La moneda perdida
11/06
En el evangelio de San Lucas 15:8-10 se relata la parábola de la moneda perdida, una historia que revela cosas interesantes. Por ejemplo: esa moneda no se perdió en la calle, sino en la casa. Lo triste de esta escena es que nos muestra que hay pérdidas que no hacen ruido, no hay portazos, no hay despedidas ni maletas…pero algo se fue. Algo se rompió, dejó de estar o se perdió, y ese tipo de pérdidas duelen. Hay matrimonios que siguen durmiendo en la misma cama…pero hace tiempo dejaron de abrazarse de verdad. Se organizan, cumplen, sobreviven…pero ya no se aman como antes. No están separados pero están perdidos. Así mismo pasa con los hijos, están presentes en cuerpo, pero su alma, su espíritu no. Se aíslan, se encierran, sonríen poco y uno piensa que es “la edad”, pero en realidad se están perdiendo en silencio. Hay quienes siguen yendo a Dios, pero ya no sienten nada. Oran por costumbre, cantan sin emoción. Escuchan…pero no conectan. Siguen en casa pero están perdidos. Lo impactante de esta parábola no es solo que algo se perdió sino que alguien se dio cuenta. La mujer se rehusó a conformarse con lo que le quedaba, porque eso perdido también importaba. Dice la historia que “encendió la luz” porque hay cosas que solo se encuentran cuando decides enfrentar lo que te duele. Barrió la casa…porque hay cosas que están escondidas debajo del orgullo, del enojo, del cansancio, de lo no hablado. Porque cuando algo es valioso…no se reemplaza, se restaura. Ver la historia de este modo me hace pensar que Dios no solo te está buscando para sanar lo que te duele, sino para restaurar tu matrimonio, para acercarte a tus hijos, para entregarte los sueños que perdiste o dejaste por cansancio o por miedo. Te busca para sacarte de esa tristeza, de esa depresión, para devolverte la paz; porque tu naciste para vivir una vida en abundancia y no simplemente para sobrevivir.

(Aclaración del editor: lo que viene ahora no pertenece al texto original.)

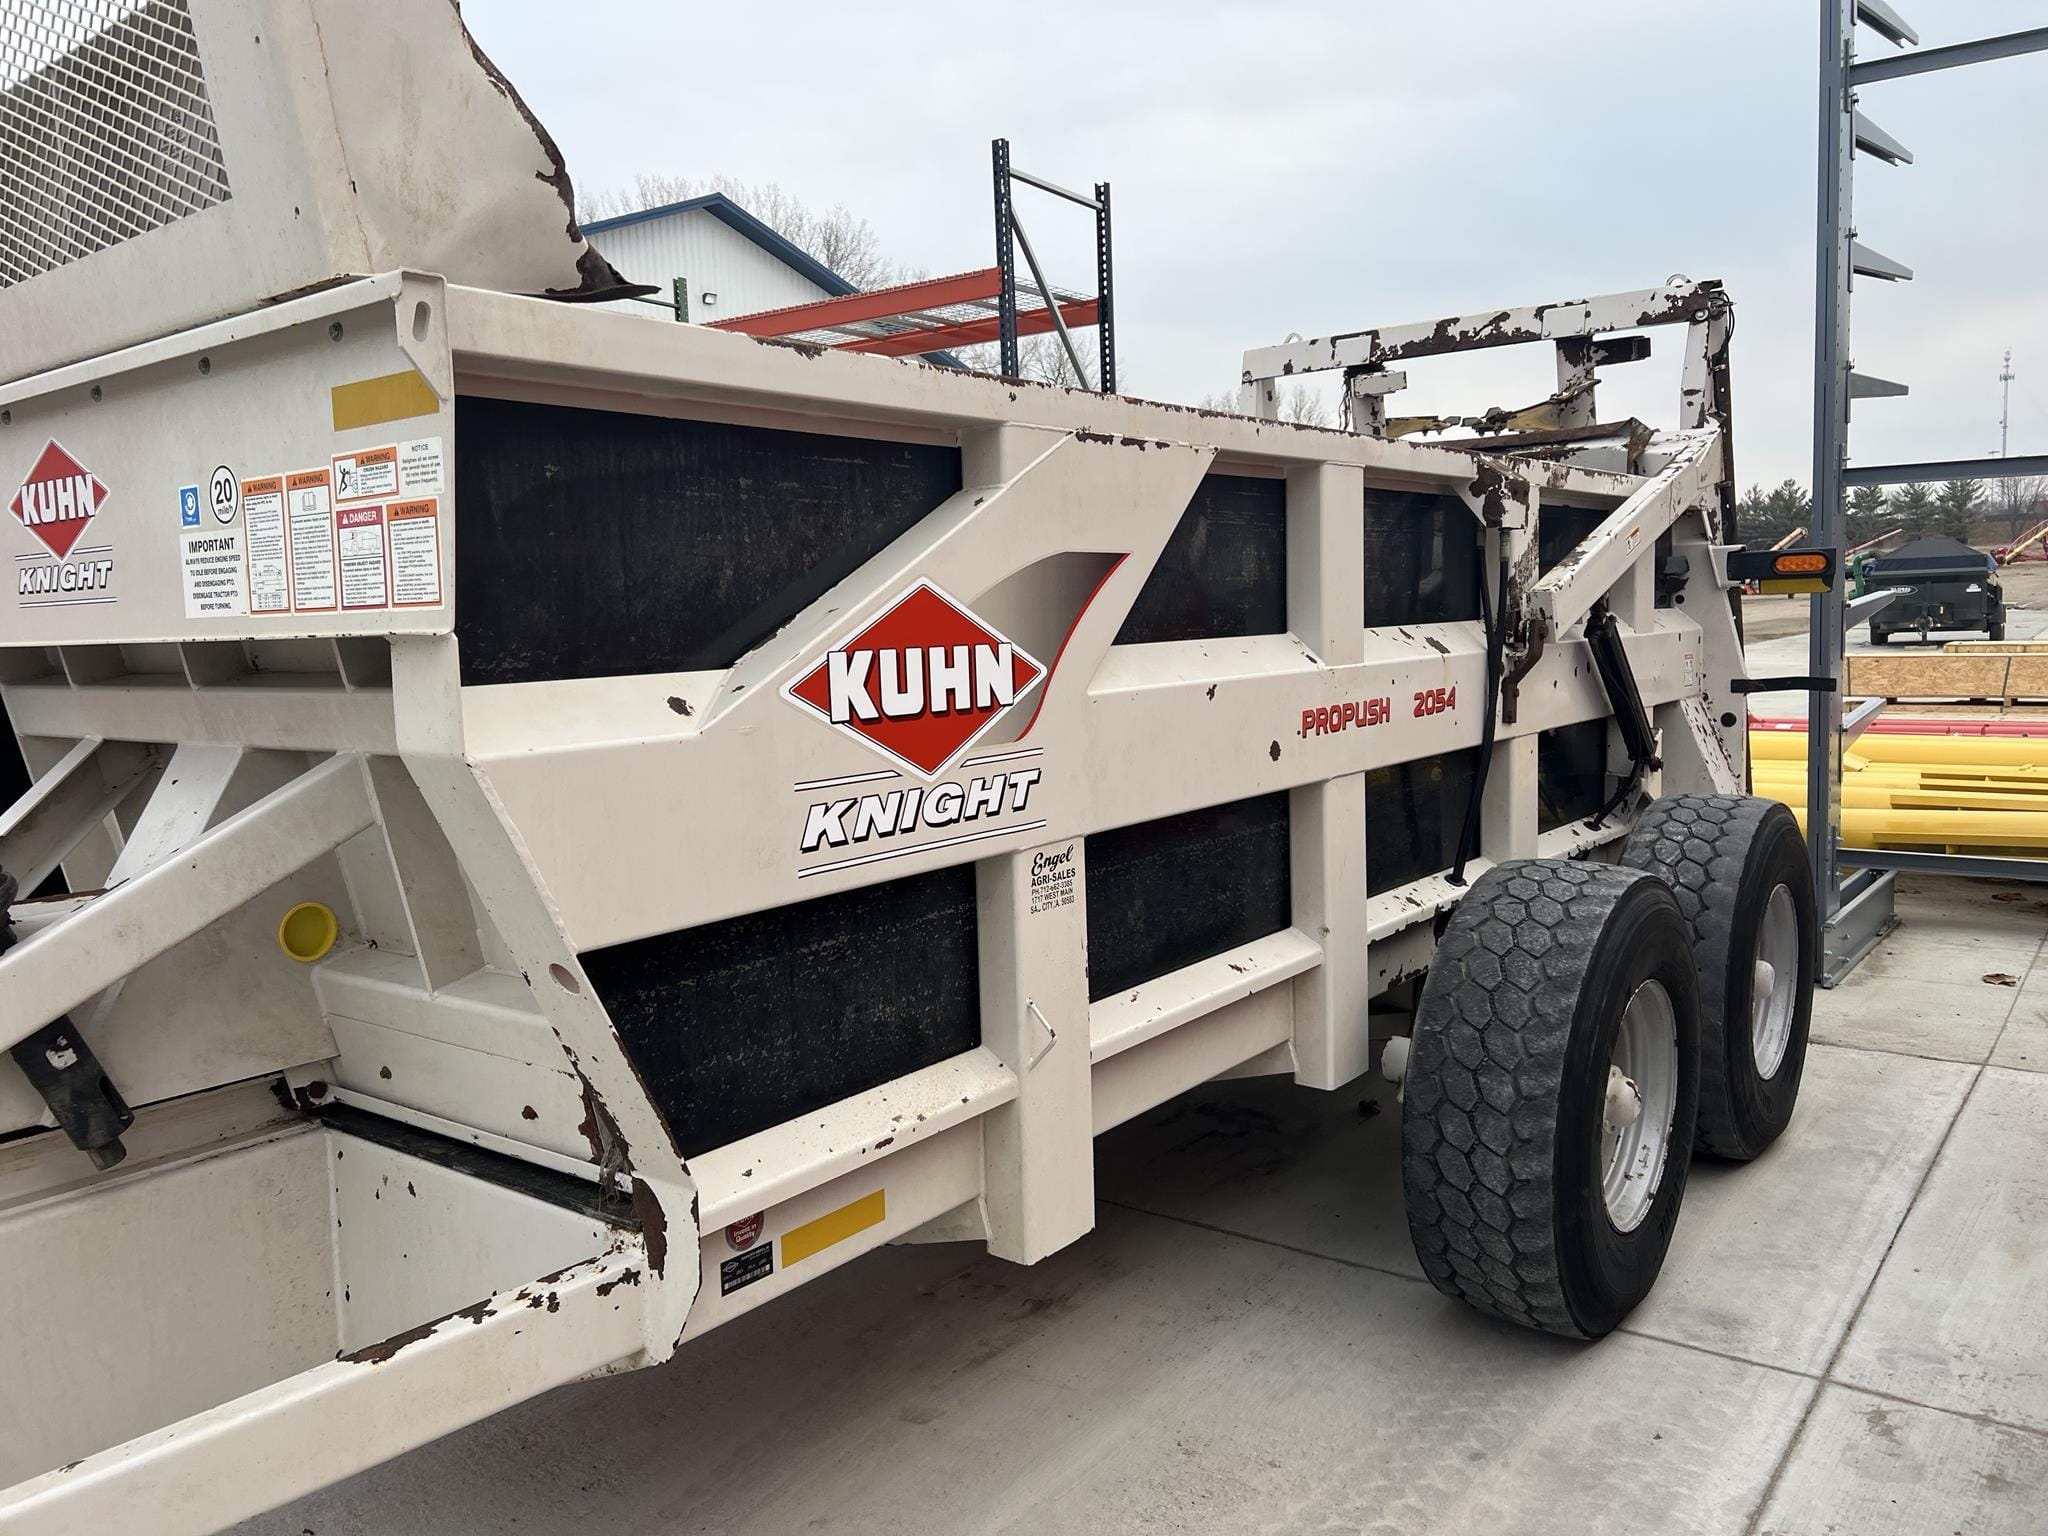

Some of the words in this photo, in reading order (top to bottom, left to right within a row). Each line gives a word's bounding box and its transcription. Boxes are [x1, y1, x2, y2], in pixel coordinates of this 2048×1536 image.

[366, 452, 390, 463] WARNING
[252, 481, 277, 492] WARNING
[298, 473, 323, 486] WARNING
[21, 472, 95, 526] KUHN
[214, 478, 233, 505] 20
[349, 510, 377, 523] DANGER
[400, 504, 430, 516] WARNING
[188, 537, 235, 554] IMPORTANT
[229, 554, 241, 562] SPEED
[18, 560, 113, 595] KNIGHT
[827, 643, 1015, 724] KUHN
[1301, 697, 1391, 738] PROPUSH
[1413, 686, 1457, 718] 2054
[800, 768, 1042, 853] KNIGHT
[1031, 844, 1074, 877] Engel
[1031, 867, 1076, 888] AGRI-SALES
[1043, 889, 1060, 901] WEST
[1060, 886, 1074, 897] MAIN
[1041, 900, 1054, 912] CITY
[736, 1231, 755, 1243] Quality
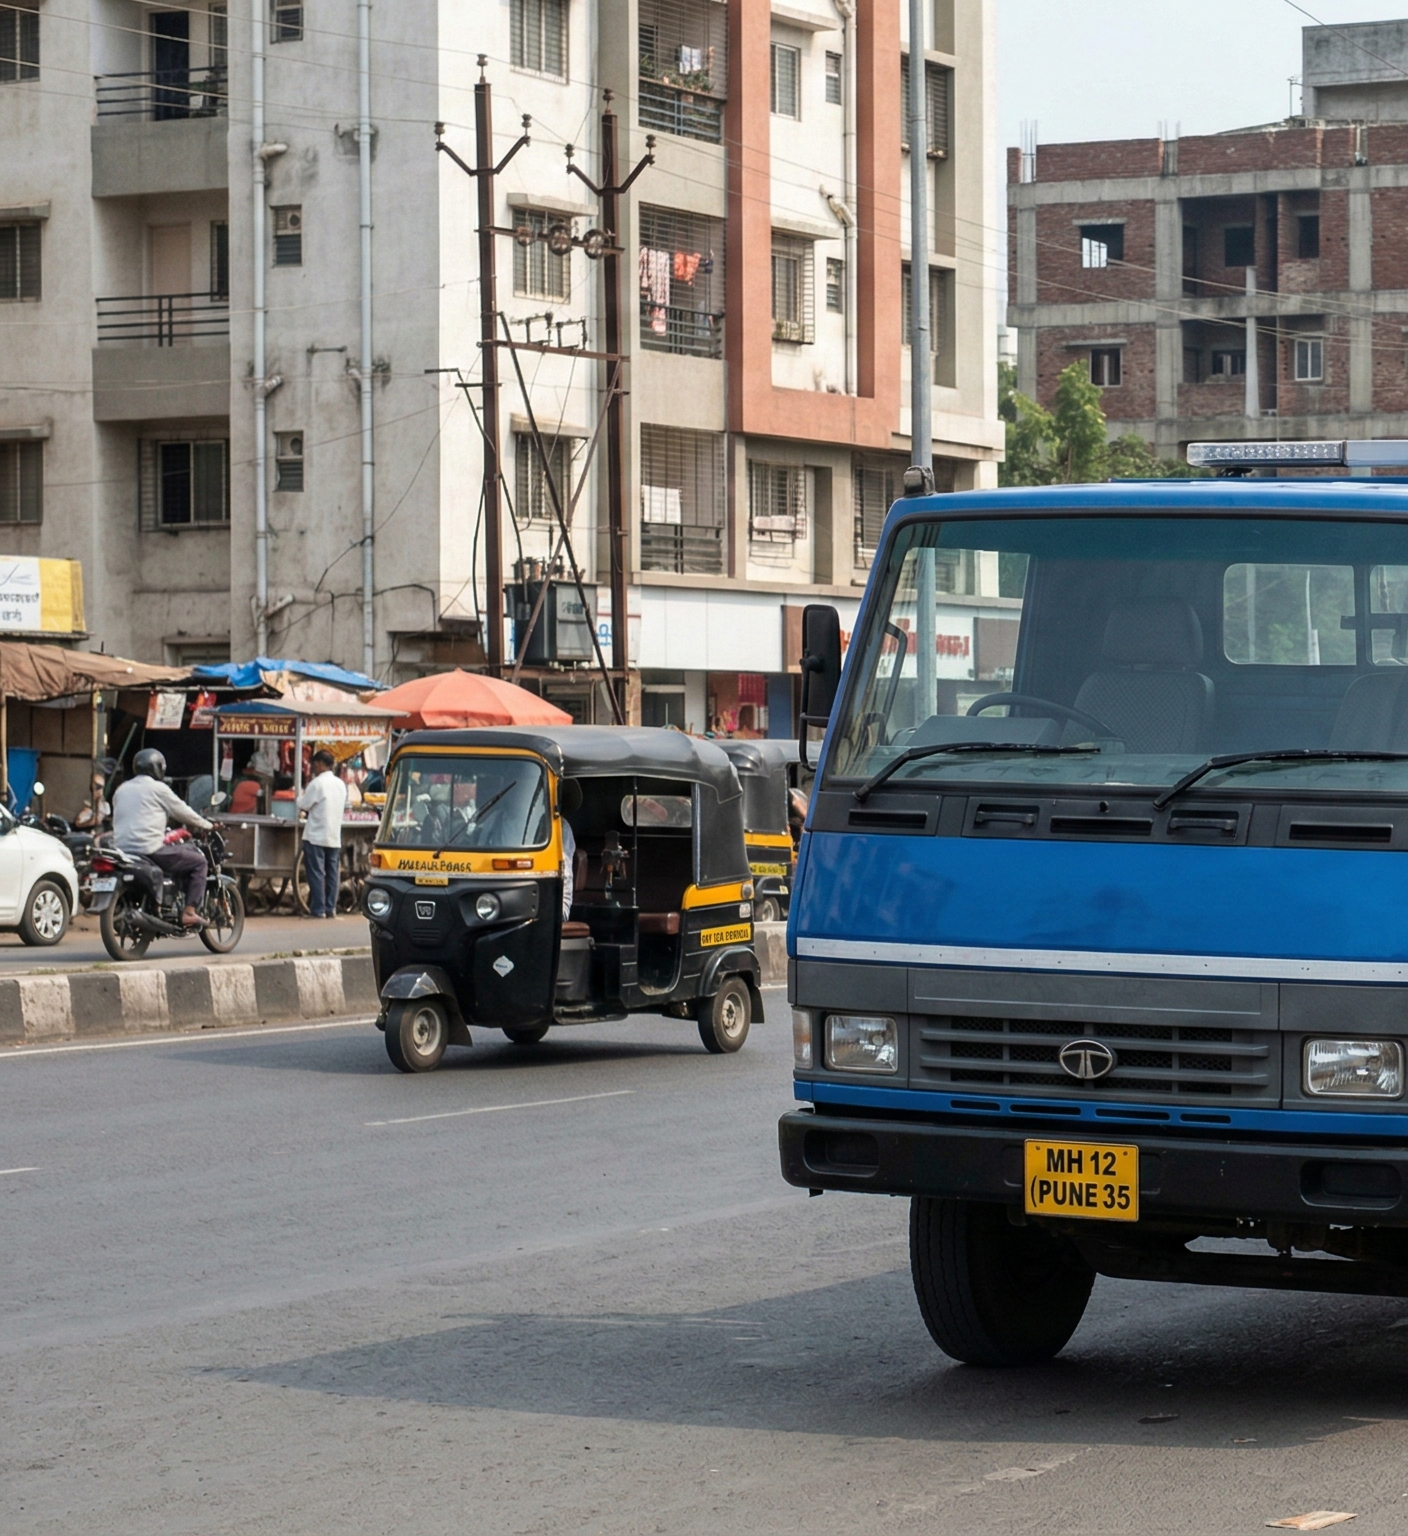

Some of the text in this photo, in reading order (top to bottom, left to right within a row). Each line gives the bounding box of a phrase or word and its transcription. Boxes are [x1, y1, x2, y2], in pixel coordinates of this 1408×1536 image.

[1046, 1148, 1117, 1176] MH 12
[1030, 1175, 1130, 1210] (PUNE 35

Esa moneda además nos muestra que no podía gritar, ni moverse sola ni decir: “aquí estoy”, dependía de que alguien se diera cuenta de que faltaba y la buscara. Lo único que debes hacer es reconocer que algo se perdió y que necesitas ayuda. Abre hoy la puerta de tu corazón y deja que la luz de Dios entre a liberarte. Para Dios, tu no eres uno/a mas, eres valioso/a. eres justo lo que Dios está buscando.